The survey found that 32 percent of firms reported that updates to their corporate records have been delayed some time over the past two years, and 26 percent said that at least some of their corporate entities have been out of good standing with regulators over that time period. An additional 9 percent said a delinquency regarding an entity’s status with regulators has impacted a business transaction.

Being understaffed may be part of the problem for some companies: 79 percent of companies said they expect their legal entity management staffing levels to remain the same this year, while 14 percent expect an increase.

“Those who expect an increase in hiring cite the need for more staff due to the changing regulatory climate, company growth and more entities to manage, and the overall decision to in-source more work,” the research report said.

Practical Tips

Businesses should develop a compliance calendar with compliance deadlines listed for all the relevant jurisdictions, McDonald recommended. “This really is about timing, so a calendar is a very effective way to manage this process,” she said. “It becomes like clockwork on getting it done.”

The survey found that 30 percent of companies have no annual compliance calendar in place, and 10 percent either have no legal entity organizational chart at all or it is not maintained.

Often, the responsibility for legal entity management rests with the corporate secretary, senior compliance officer or head of the legal department. But what if no one in the organization is handling the legal entity management because no one is sure whose role it is? “That’s not always made clear. That’s where HR can assist with job description management to ensure that somebody has accountability for this,” McDonald said. “Unless somebody is specifically identified as accountable, this can fall by the wayside. It can be forgotten.”

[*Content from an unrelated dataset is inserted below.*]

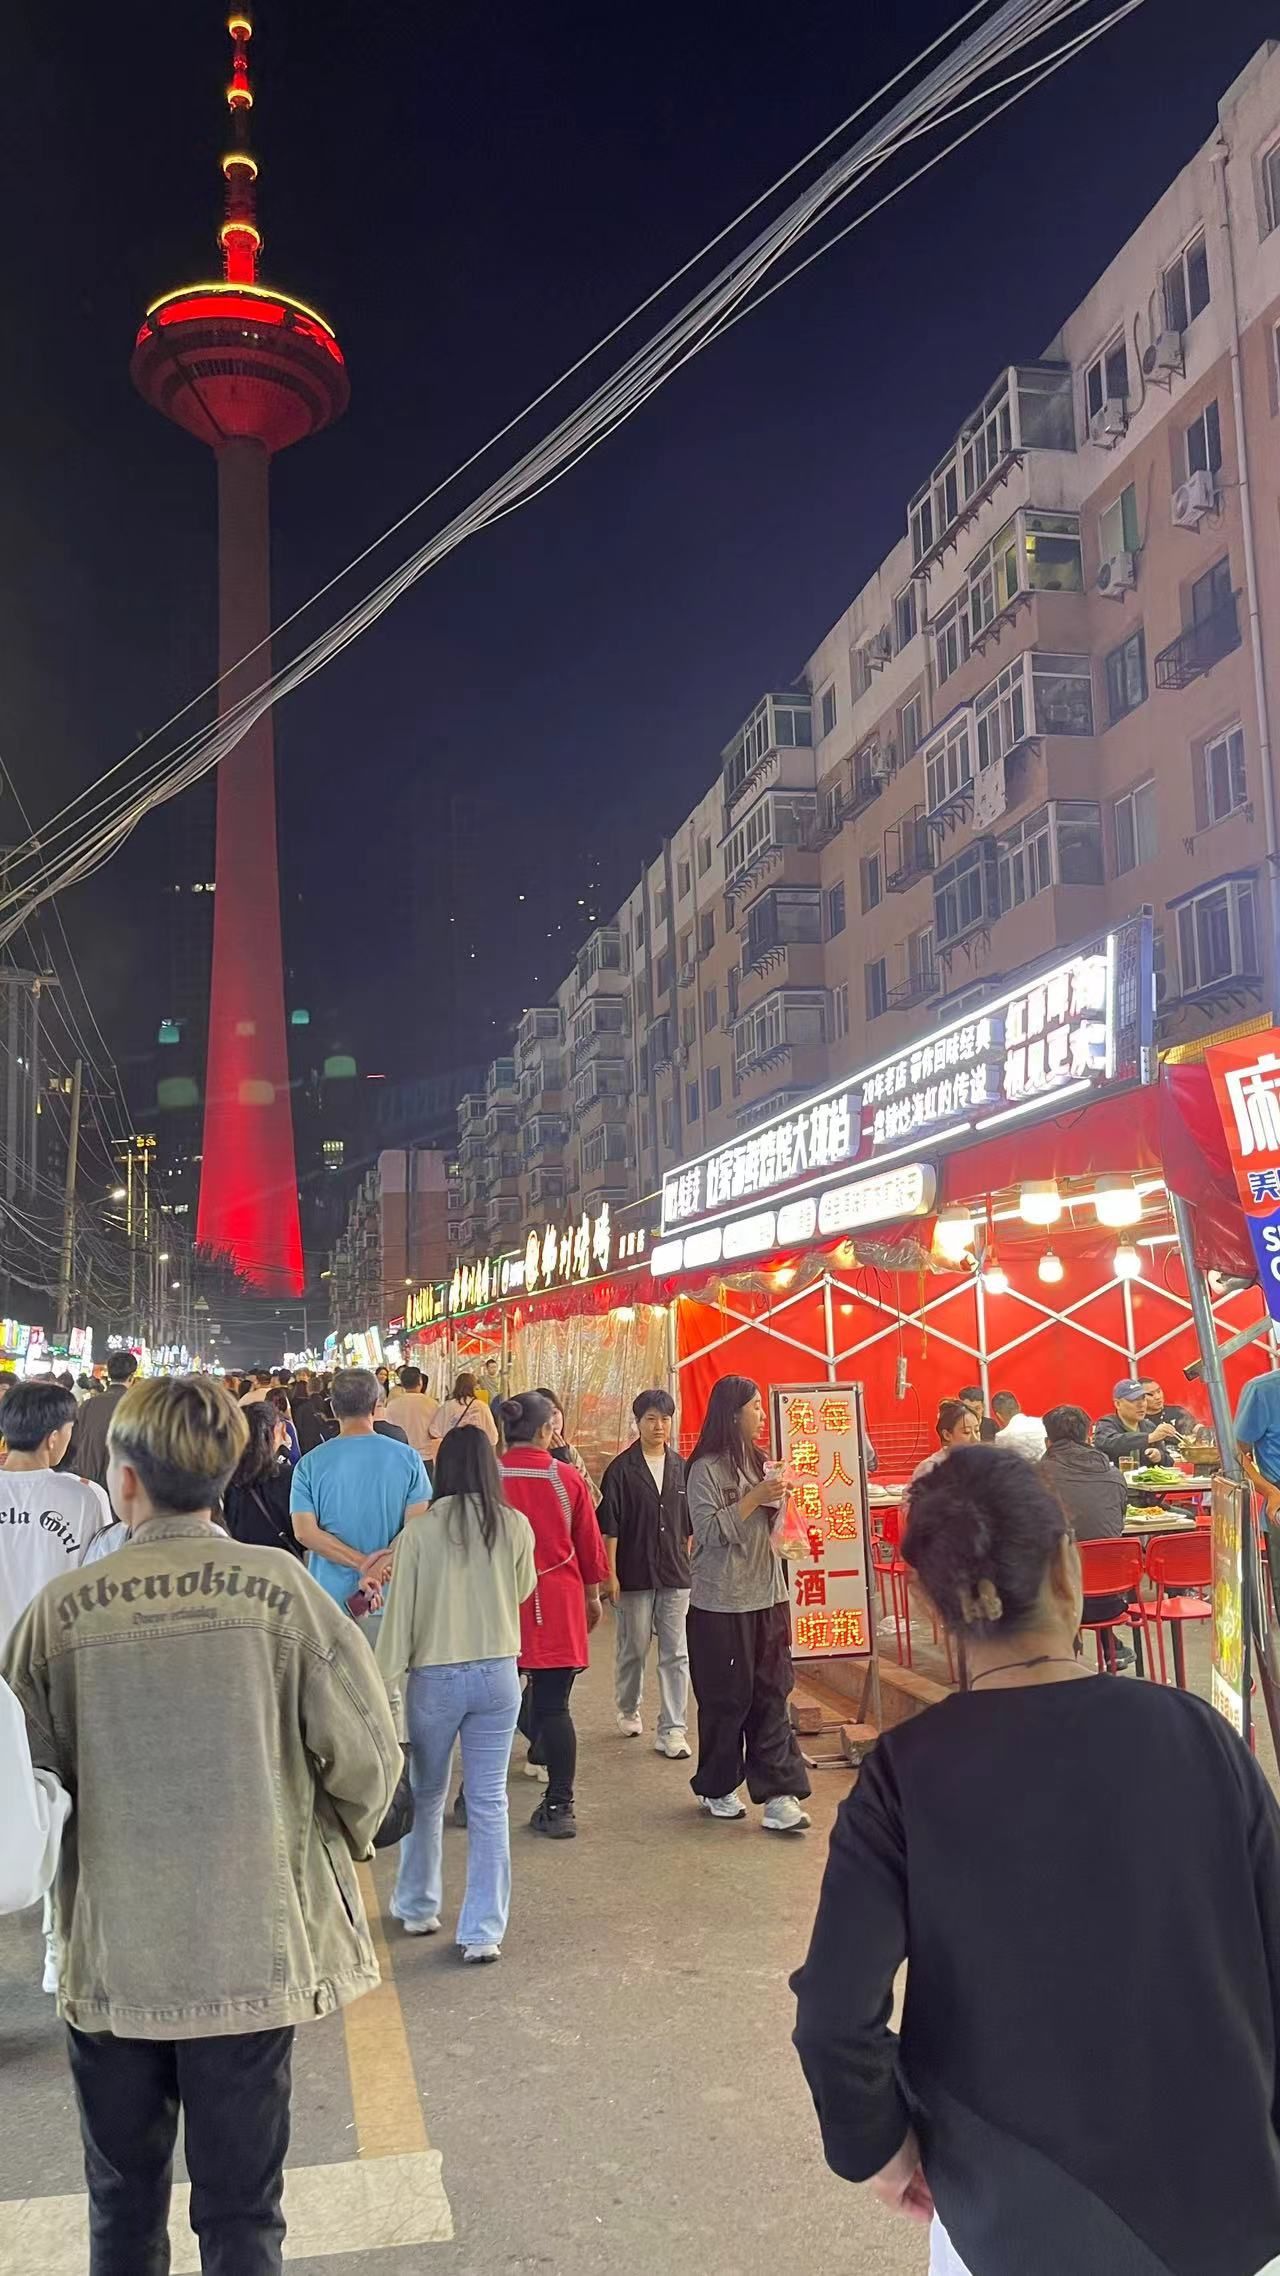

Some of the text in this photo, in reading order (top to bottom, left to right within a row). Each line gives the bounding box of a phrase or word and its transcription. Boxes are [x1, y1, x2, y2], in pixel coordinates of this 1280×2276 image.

[1249, 1169, 1280, 1202] 美
[39, 1510, 81, 1554] Girl
[820, 1398, 865, 1649] 每人送一瓶

Excel was the most common platform that companies used to keep track of their legal entity management, the survey found.

“Technology is an enabler, and it’s very important for organizations to assess the technology that’s available to them as they address effectiveness of legal entity management,” Rossen said. “If they have technology in place, consider whether it’s efficient for them.”

Sometimes organizations complete a big initiative on legal entity management and think that it’s done, so they don’t return to it for a long time. But that’s a mistake. “Over time, there could be changes within the organization—growth and acquisitions. The landscape the organization is in can change,” Rossen said. Legal entity management “needs to be constantly revisited to make sure it still fits the needs of the organization.”